__Exercise description__:
In the answer, each line of the listing should appear again unchanged.

────

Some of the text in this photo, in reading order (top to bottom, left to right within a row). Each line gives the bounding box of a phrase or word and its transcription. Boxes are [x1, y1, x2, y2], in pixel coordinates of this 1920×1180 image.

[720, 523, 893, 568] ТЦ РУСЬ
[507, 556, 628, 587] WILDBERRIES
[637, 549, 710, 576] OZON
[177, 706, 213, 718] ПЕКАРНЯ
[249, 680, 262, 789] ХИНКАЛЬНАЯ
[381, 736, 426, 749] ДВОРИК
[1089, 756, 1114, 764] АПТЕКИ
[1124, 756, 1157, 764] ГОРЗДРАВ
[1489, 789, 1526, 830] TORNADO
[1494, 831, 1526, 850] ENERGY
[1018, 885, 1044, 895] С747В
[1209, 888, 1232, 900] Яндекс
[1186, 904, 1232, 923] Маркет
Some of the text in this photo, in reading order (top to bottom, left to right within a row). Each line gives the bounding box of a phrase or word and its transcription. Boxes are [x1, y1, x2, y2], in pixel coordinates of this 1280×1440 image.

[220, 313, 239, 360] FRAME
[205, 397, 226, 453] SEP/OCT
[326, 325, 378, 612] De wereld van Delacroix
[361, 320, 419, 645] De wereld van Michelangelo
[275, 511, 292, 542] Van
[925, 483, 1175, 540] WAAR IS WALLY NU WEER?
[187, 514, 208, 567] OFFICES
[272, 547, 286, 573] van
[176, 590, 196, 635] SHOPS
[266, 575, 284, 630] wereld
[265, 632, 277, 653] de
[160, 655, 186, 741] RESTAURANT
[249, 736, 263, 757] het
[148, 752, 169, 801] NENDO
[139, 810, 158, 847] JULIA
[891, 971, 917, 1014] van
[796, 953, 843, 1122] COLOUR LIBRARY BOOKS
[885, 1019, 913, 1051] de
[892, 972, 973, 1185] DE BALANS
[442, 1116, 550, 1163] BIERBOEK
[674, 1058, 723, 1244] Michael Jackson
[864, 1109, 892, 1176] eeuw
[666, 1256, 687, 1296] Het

────

__Output__:
Some of the text in this photo, in reading order (top to bottom, left to right within a row). Each line gives the bounding box of a phrase or word and its transcription. Boxes are [x1, y1, x2, y2], in pixel coordinates of this 1920×1180 image.

[720, 523, 893, 568] ТЦ РУСЬ
[507, 556, 628, 587] WILDBERRIES
[637, 549, 710, 576] OZON
[177, 706, 213, 718] ПЕКАРНЯ
[249, 680, 262, 789] ХИНКАЛЬНАЯ
[381, 736, 426, 749] ДВОРИК
[1089, 756, 1114, 764] АПТЕКИ
[1124, 756, 1157, 764] ГОРЗДРАВ
[1489, 789, 1526, 830] TORNADO
[1494, 831, 1526, 850] ENERGY
[1018, 885, 1044, 895] С747В
[1209, 888, 1232, 900] Яндекс
[1186, 904, 1232, 923] Маркет
Some of the text in this photo, in reading order (top to bottom, left to right within a row). Each line gives the bounding box of a phrase or word and its transcription. Boxes are [x1, y1, x2, y2], in pixel coordinates of this 1280×1440 image.

[220, 313, 239, 360] FRAME
[205, 397, 226, 453] SEP/OCT
[326, 325, 378, 612] De wereld van Delacroix
[361, 320, 419, 645] De wereld van Michelangelo
[275, 511, 292, 542] Van
[925, 483, 1175, 540] WAAR IS WALLY NU WEER?
[187, 514, 208, 567] OFFICES
[272, 547, 286, 573] van
[176, 590, 196, 635] SHOPS
[266, 575, 284, 630] wereld
[265, 632, 277, 653] de
[160, 655, 186, 741] RESTAURANT
[249, 736, 263, 757] het
[148, 752, 169, 801] NENDO
[139, 810, 158, 847] JULIA
[891, 971, 917, 1014] van
[796, 953, 843, 1122] COLOUR LIBRARY BOOKS
[885, 1019, 913, 1051] de
[892, 972, 973, 1185] DE BALANS
[442, 1116, 550, 1163] BIERBOEK
[674, 1058, 723, 1244] Michael Jackson
[864, 1109, 892, 1176] eeuw
[666, 1256, 687, 1296] Het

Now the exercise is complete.